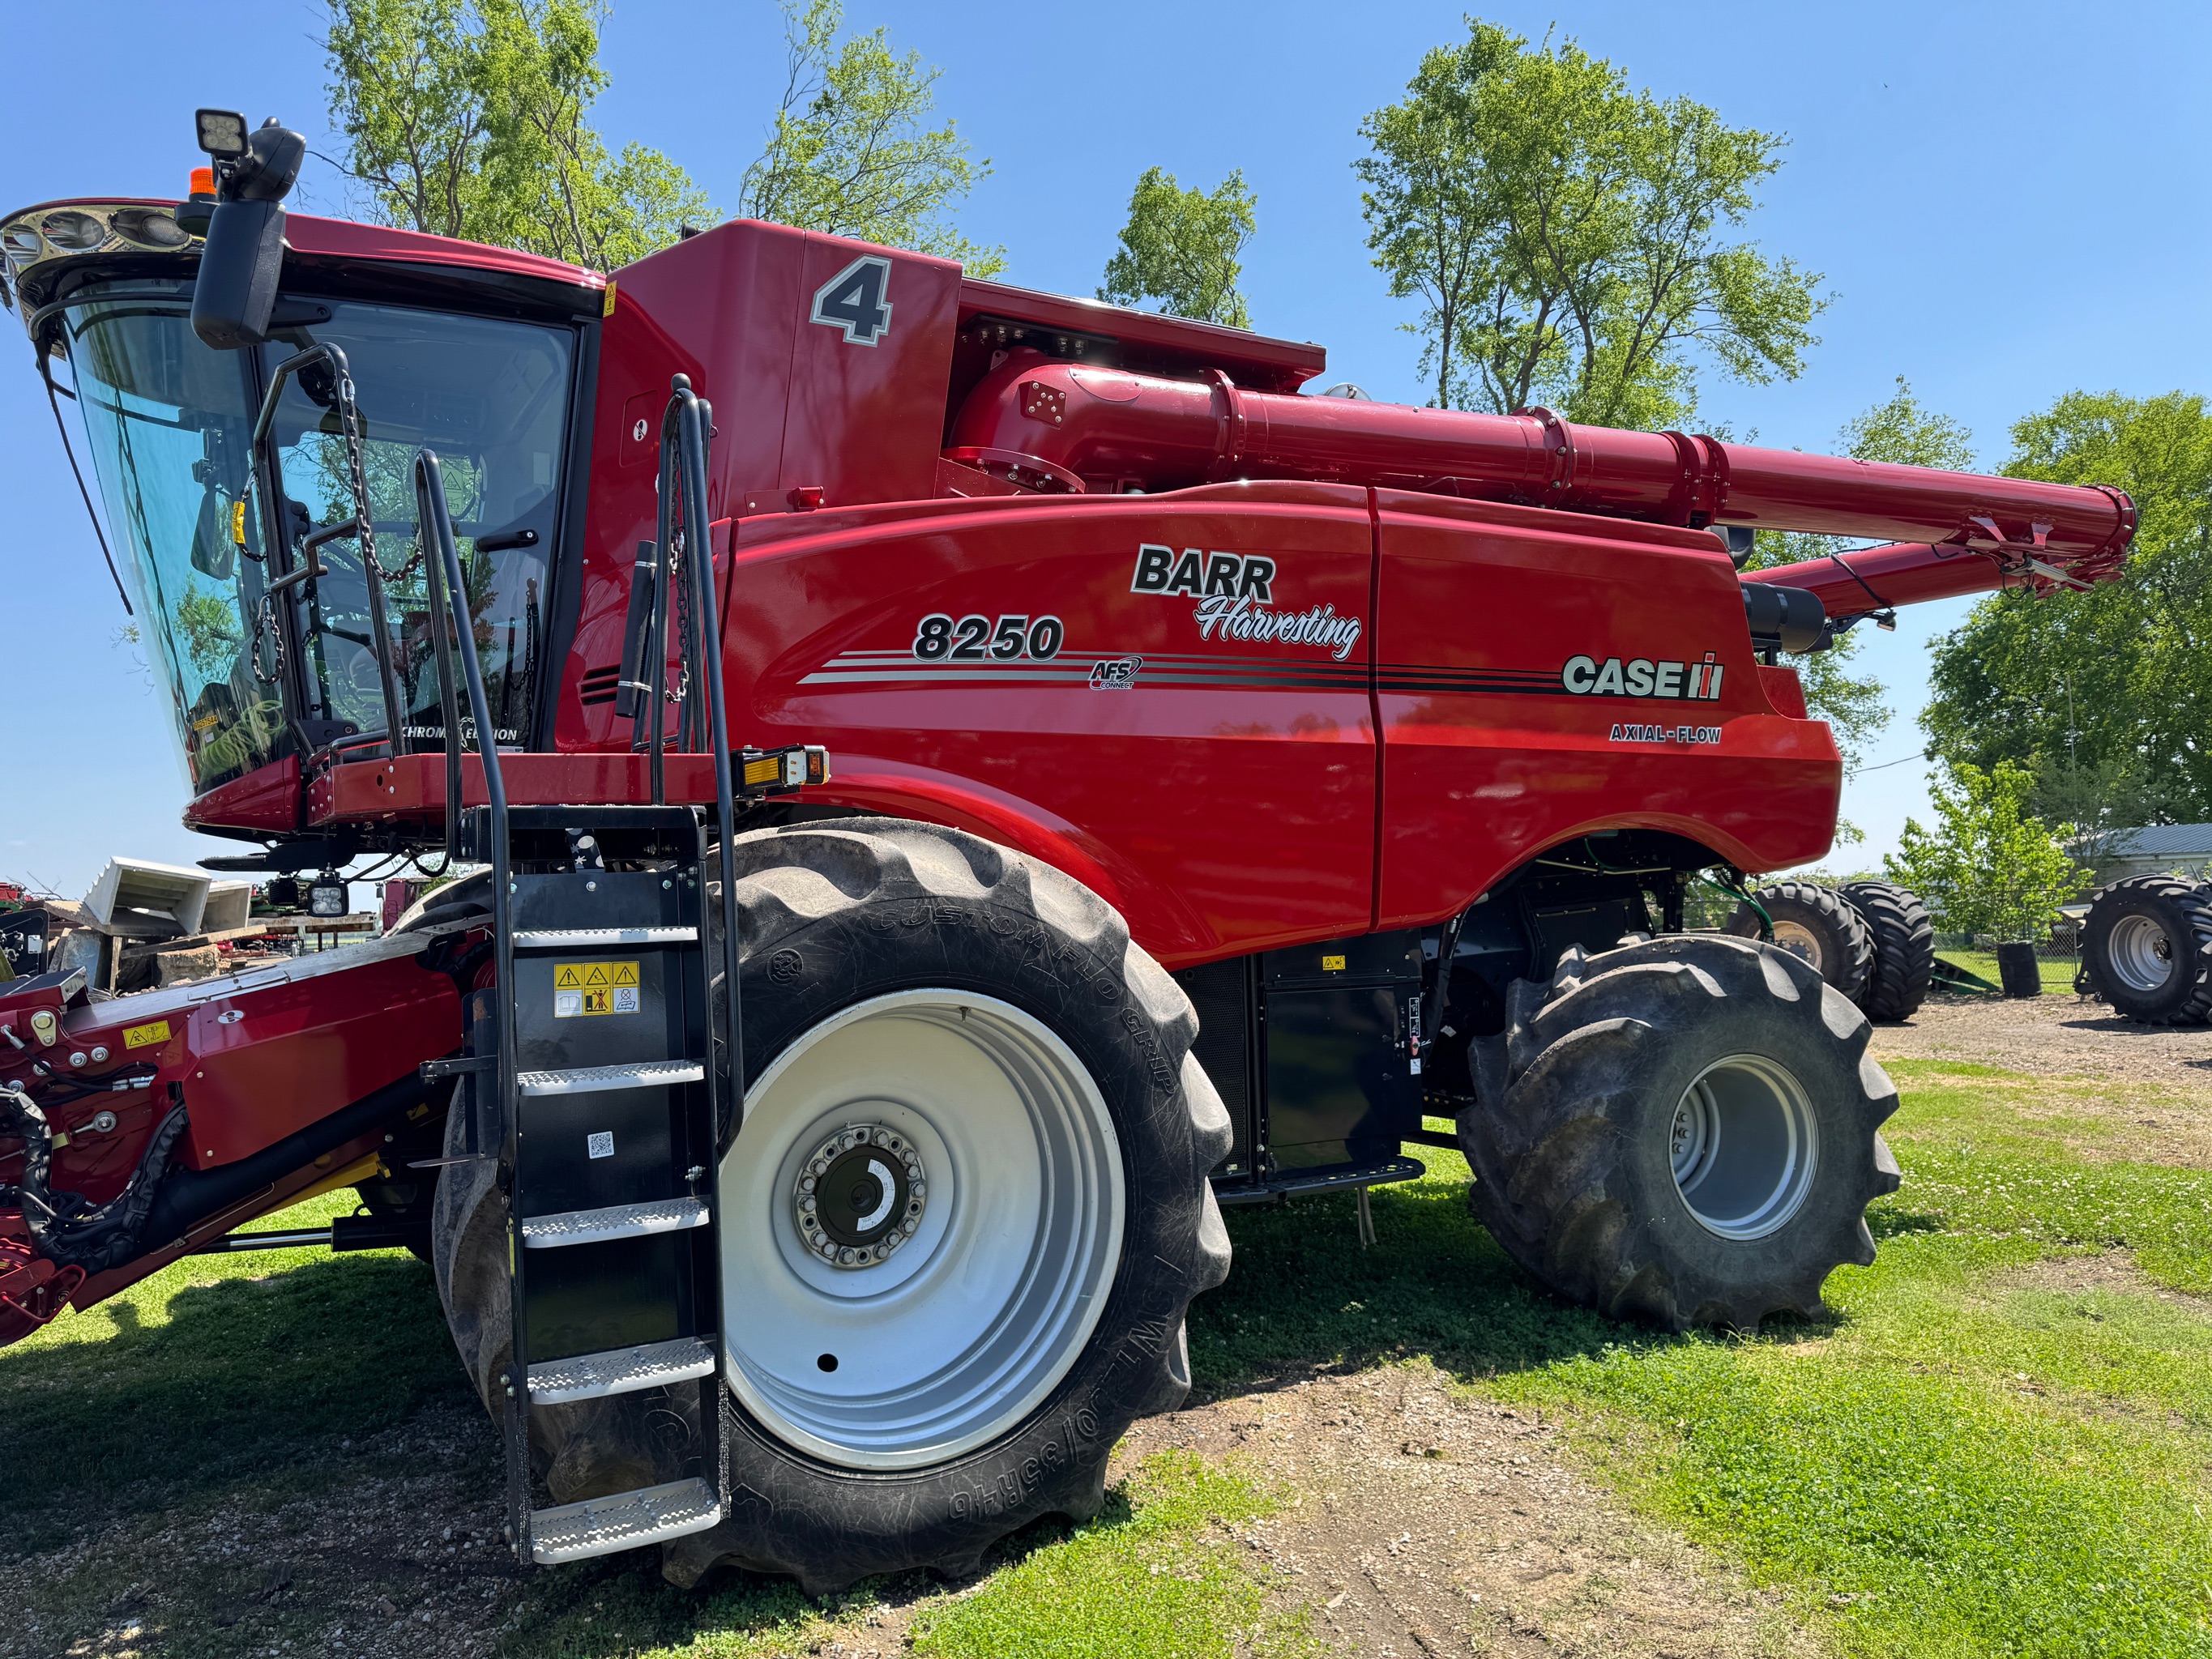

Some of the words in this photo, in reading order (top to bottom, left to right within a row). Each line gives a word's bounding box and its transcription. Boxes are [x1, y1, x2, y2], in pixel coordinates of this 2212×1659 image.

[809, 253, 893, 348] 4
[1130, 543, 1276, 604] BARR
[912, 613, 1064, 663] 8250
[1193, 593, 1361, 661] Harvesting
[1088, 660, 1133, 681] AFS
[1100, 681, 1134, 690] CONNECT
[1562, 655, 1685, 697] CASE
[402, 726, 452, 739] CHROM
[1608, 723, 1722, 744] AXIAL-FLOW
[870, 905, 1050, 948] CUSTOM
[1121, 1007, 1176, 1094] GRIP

=======

Assigned task:
Restate the data word for word, minus any images.

Exercise answer:
Some of the words in this photo, in reading order (top to bottom, left to right within a row). Each line gives a word's bounding box and its transcription. Boxes are [x1, y1, x2, y2], in pixel coordinates of this 2212×1659 image.

[809, 253, 893, 348] 4
[1130, 543, 1276, 604] BARR
[912, 613, 1064, 663] 8250
[1193, 593, 1361, 661] Harvesting
[1088, 660, 1133, 681] AFS
[1100, 681, 1134, 690] CONNECT
[1562, 655, 1685, 697] CASE
[402, 726, 452, 739] CHROM
[1608, 723, 1722, 744] AXIAL-FLOW
[870, 905, 1050, 948] CUSTOM
[1121, 1007, 1176, 1094] GRIP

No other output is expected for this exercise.